Address at the Welcome Ceremony of the World Summit on Sustainable Development, 25 August 2002

Friends,
Peoples of the World:

On behalf of the Secretary General of the United Nations, the Honourable Kofi Annan, the government and people of South Africa, I am privileged to welcome you to Johannesburg and South Africa to the World Summit for Sustainable Development.

I would also like to take this opportunity to thank and salute the producers, the directors and the artists who have combined their skills and talents to use this stage to communicate the important messages to all of us we have just witnessed.
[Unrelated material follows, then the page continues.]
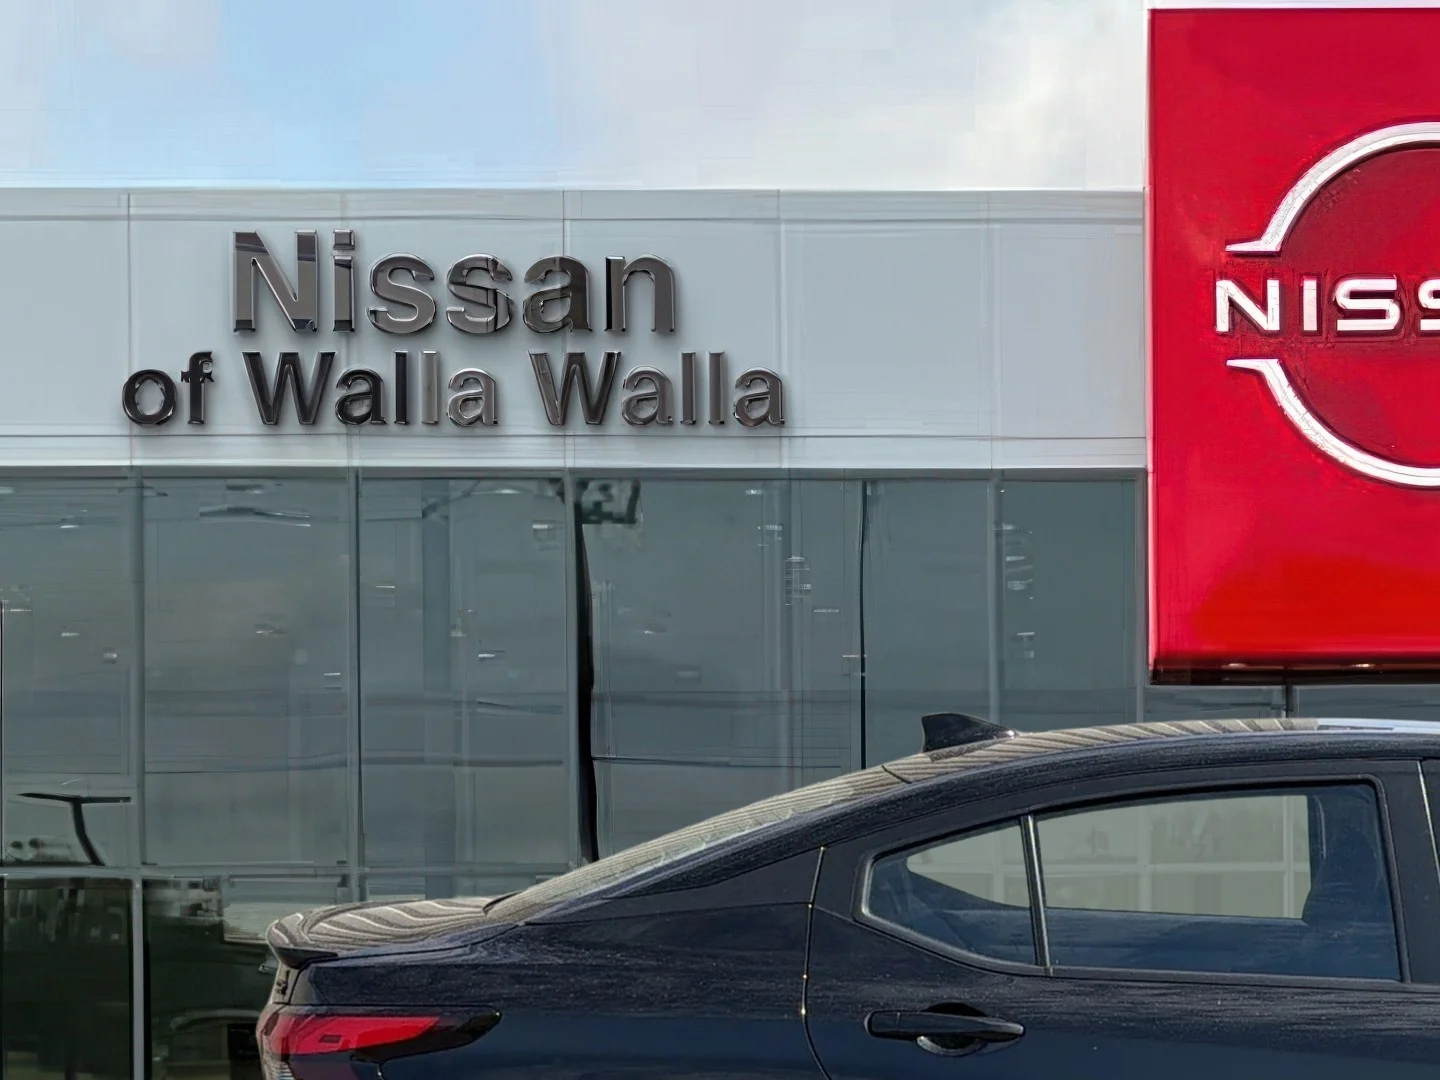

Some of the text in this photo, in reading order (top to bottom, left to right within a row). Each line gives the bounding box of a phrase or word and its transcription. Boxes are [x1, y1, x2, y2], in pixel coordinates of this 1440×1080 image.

[232, 228, 678, 333] Nissan
[120, 349, 786, 428] of Walla Walla
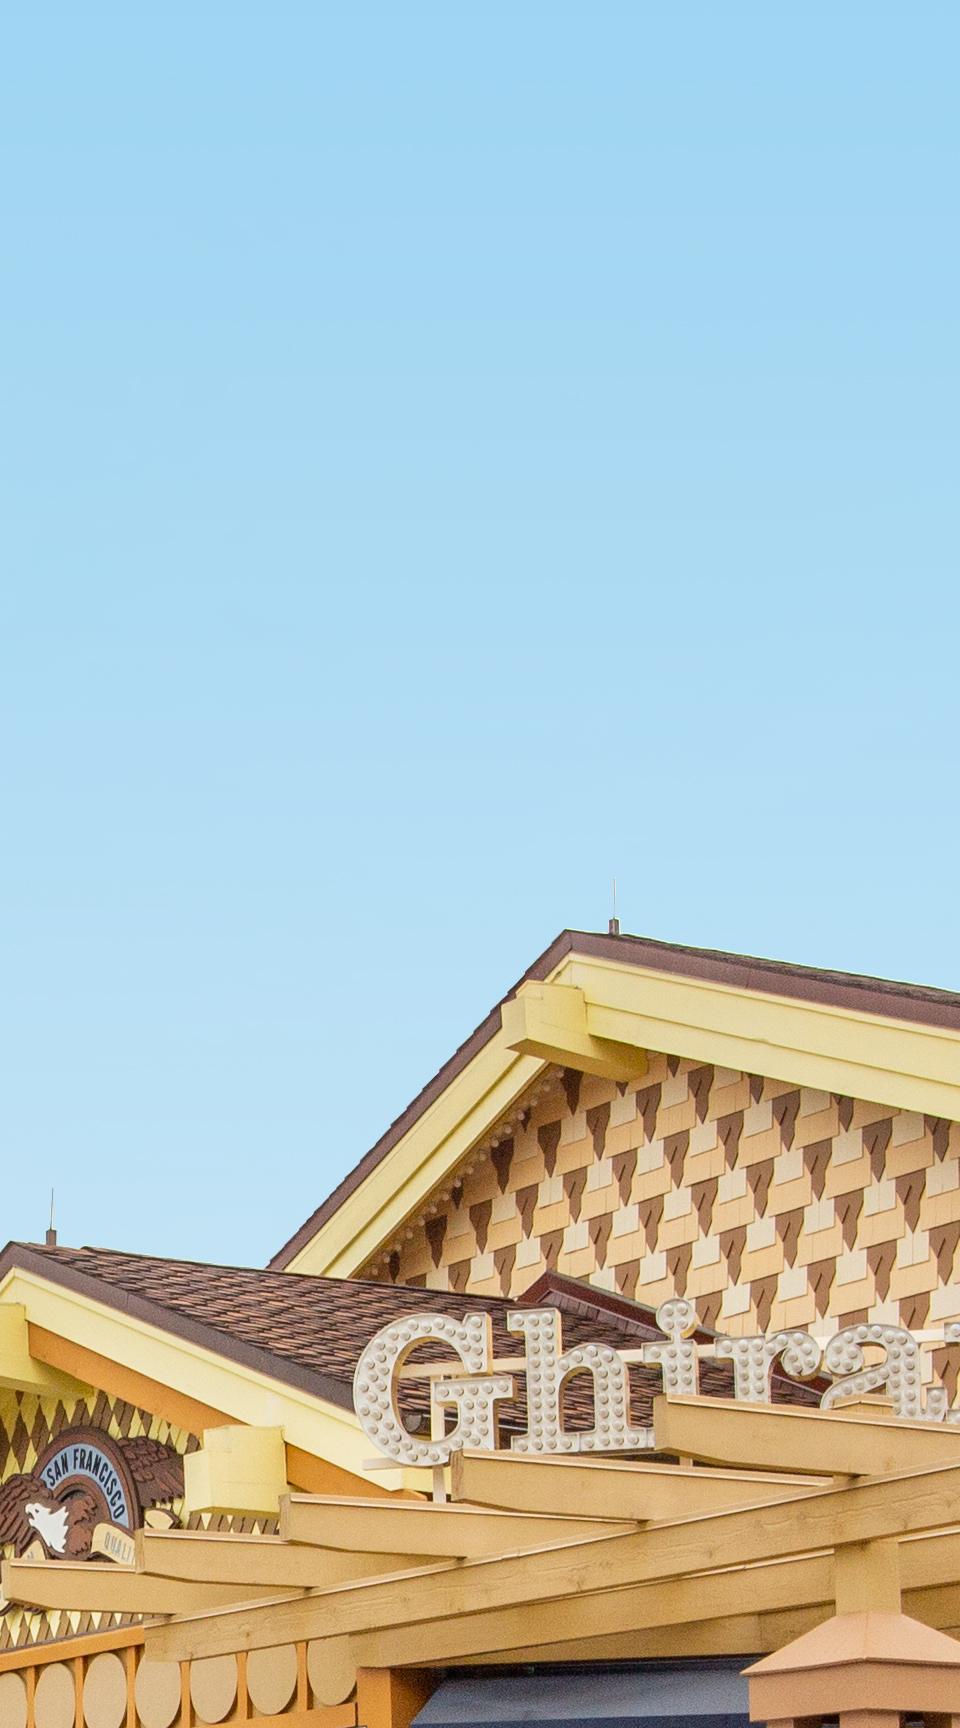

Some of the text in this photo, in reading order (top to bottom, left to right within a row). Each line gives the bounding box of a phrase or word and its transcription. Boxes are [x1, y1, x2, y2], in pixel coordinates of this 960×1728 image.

As they said, we welcome the peoples of the world to the place that is recognised as the cradle of humanity. The Johannesburg World Summit for Sustainable Development is therefore, for all of us, a homecoming, a return to the base from where all humanity evolved to cover the globe.

For the peoples of the world this is a homecoming in other ways as well. When we say welcome to South Africa, we say welcome to a democratic South Africa. We say welcome to a South Africa made up of the peoples of various races, colours and cultures who inhabit our common planet.

To all of them, despite their diversity, South Africa is a common home. They share not only a common geographic space, but also a common destiny. Divided and set against one another in the past by the cruel designs and actions of human beings who monopolised power, today they are striving to achieve unity among themselves, while respecting and encouraging their diversity.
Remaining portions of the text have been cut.